A 38-room Firmdale property occupying a Regency townhouse on the edge of leafy Dorset Square, the hotel channels Marylebone's quieter, more residential character through Kit Kemp's bold interiors and an enduring cricket theme. The Potting Shed bar and restaurant serves updated British cuisine and draws a local following, while the drawing room's honour bar offers a more private alternative to the city's noisier hotel lobbies.

Dorset Square Hotel hotel in London, United Kingdom
About

Marylebone's Quieter Register

London's hotel market has long divided between grand-boulevard institutions and smaller, character-driven properties that reflect the residential grain of their neighbourhoods. Marylebone belongs firmly to the second category. The streets around Dorset Square sit north of the retail bustle of Oxford Street and west of Fitzrovia's restaurant density, occupying a pocket of NW1 that still reads as a place people actually live. That context matters when choosing where to stay in London: a smaller hotel in Marylebone places you within walking distance of Regent's Park, the independent shops of Marylebone High Street, and Baker Street, without the noise or scale of the West End's larger properties.

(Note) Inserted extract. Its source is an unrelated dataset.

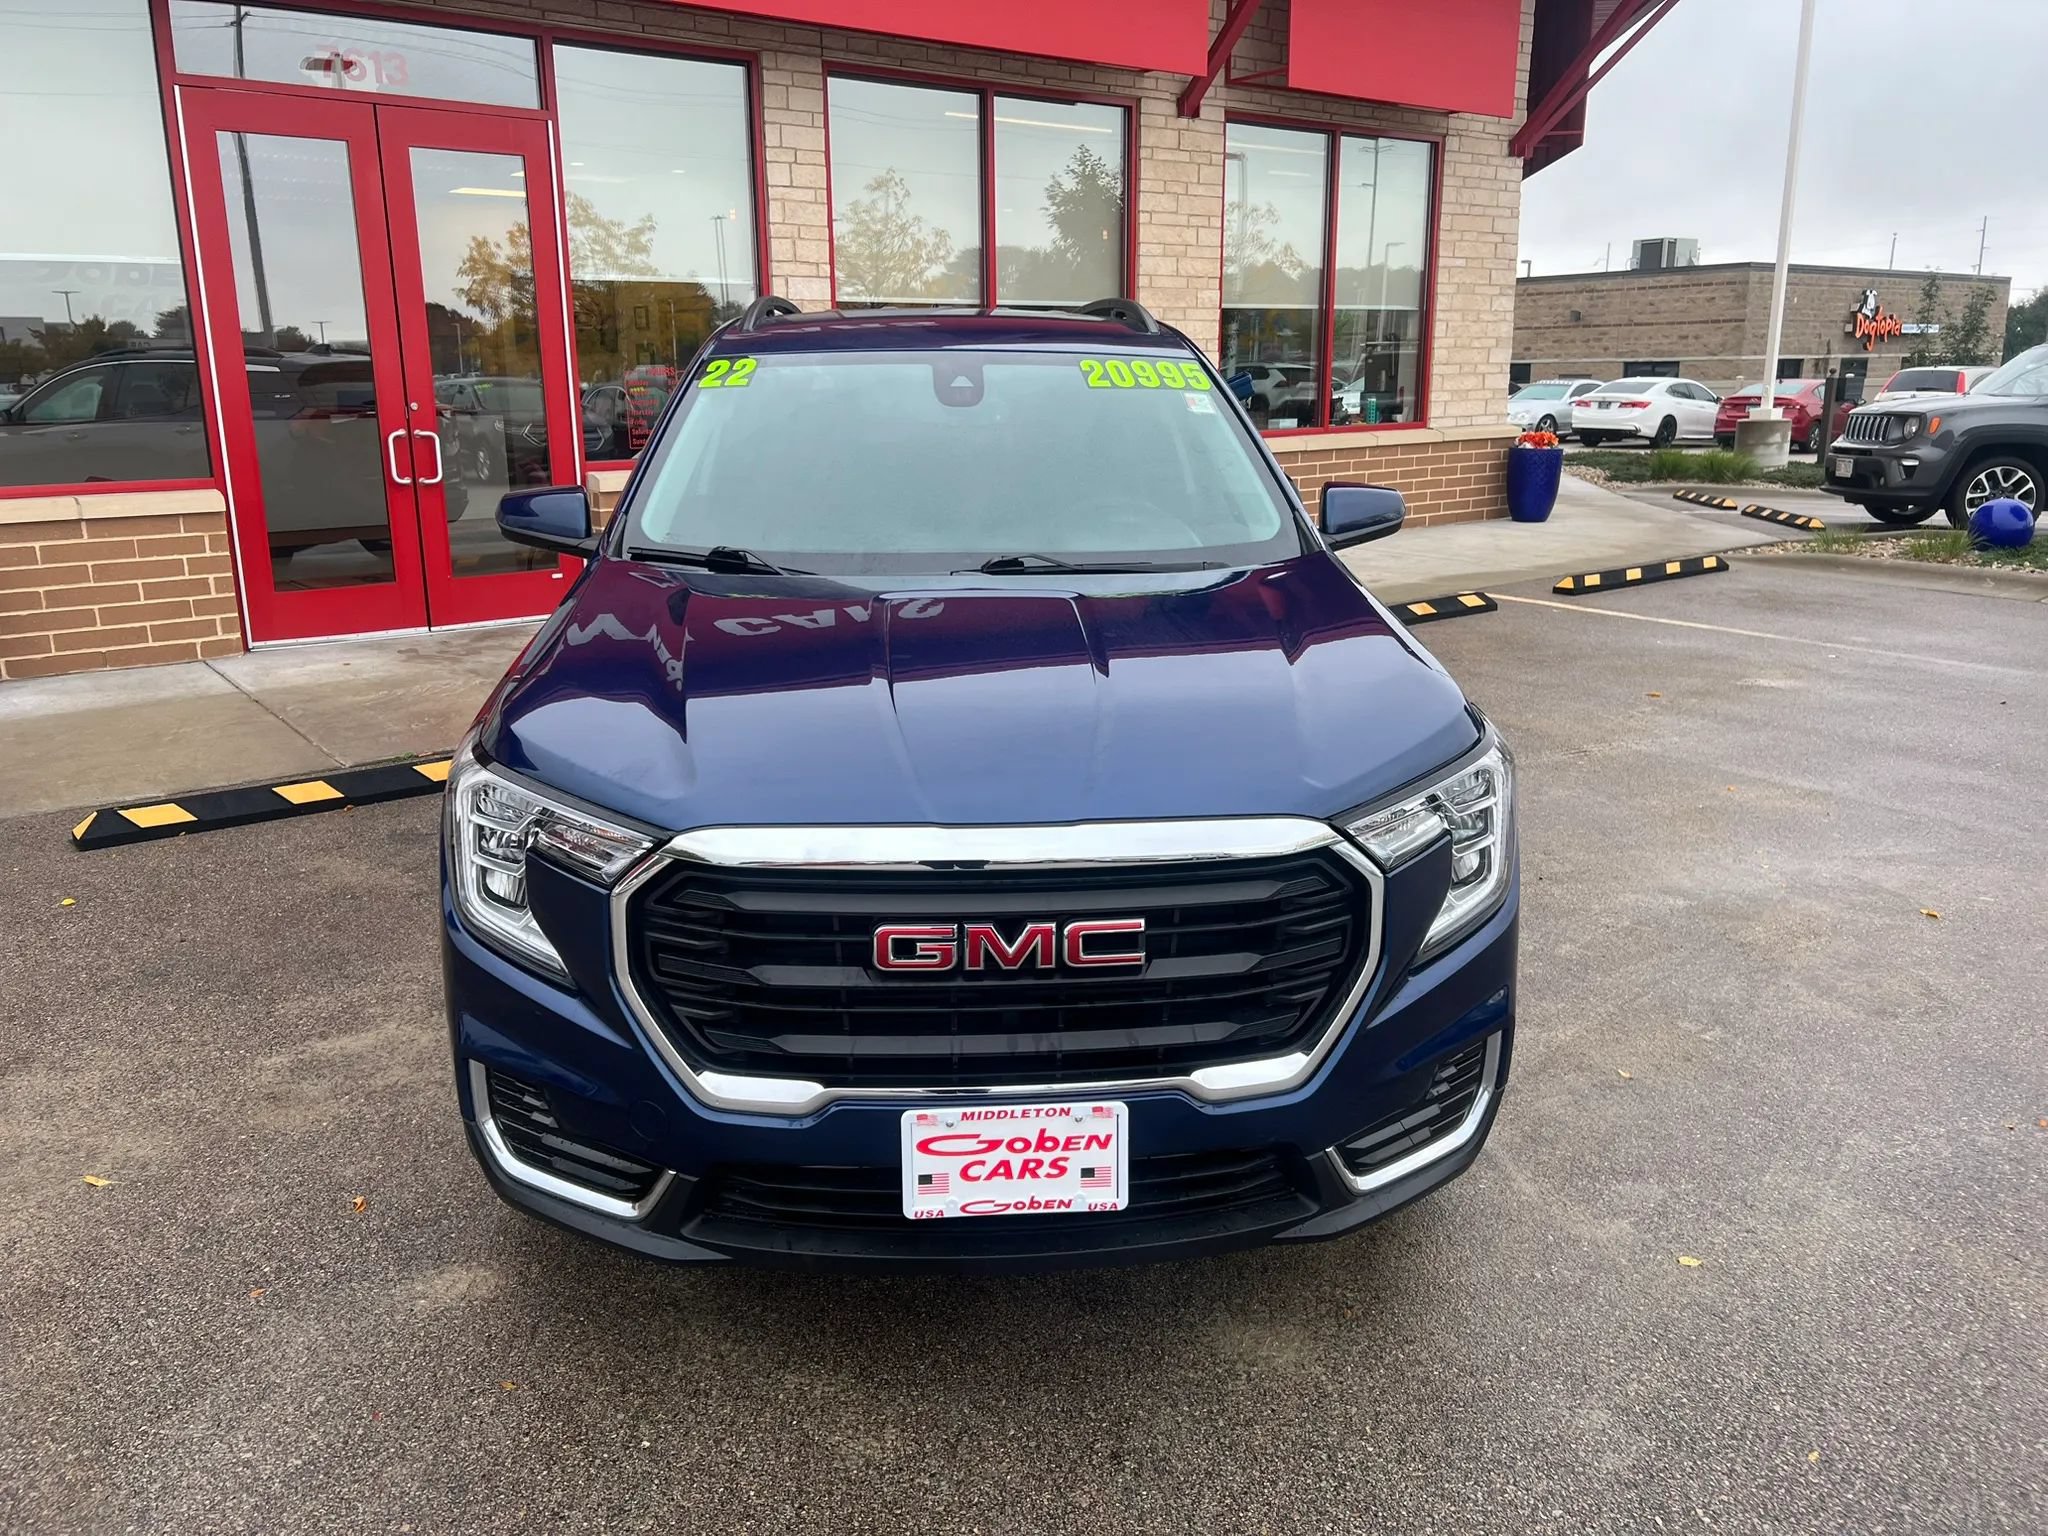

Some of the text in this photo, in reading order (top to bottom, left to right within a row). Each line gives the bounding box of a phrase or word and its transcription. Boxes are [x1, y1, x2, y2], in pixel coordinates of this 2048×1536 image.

Dorset Square Hotel, part of the Firmdale Hotels group, occupies a pair of Regency townhouses at 39-40 Dorset Square, facing the private garden square that once served as the original Lord's Cricket Ground before the MCC relocated to St John's Wood in 1814. That history is not incidental to the hotel's identity. The cricket theme that runs through the property is a genuine piece of local heritage rather than decorator shorthand, and Firmdale has built the interiors around it with enough specificity to give it weight.

Kit Kemp's Interiors in Practice

The design approach associated with Kit Kemp, who has shaped the visual language of the Firmdale group across its London portfolio, prioritises deliberate contrast over restraint. At Dorset Square, this means navy blue padded walls set against hot pink decorative pillows, grey jersey headboards, and doorknobs fashioned from cricket balls. Beaten cricket bats and framed prints of players in dapper sweater vests appear in the public spaces. The effect is more collected and referential than themed in the resort sense.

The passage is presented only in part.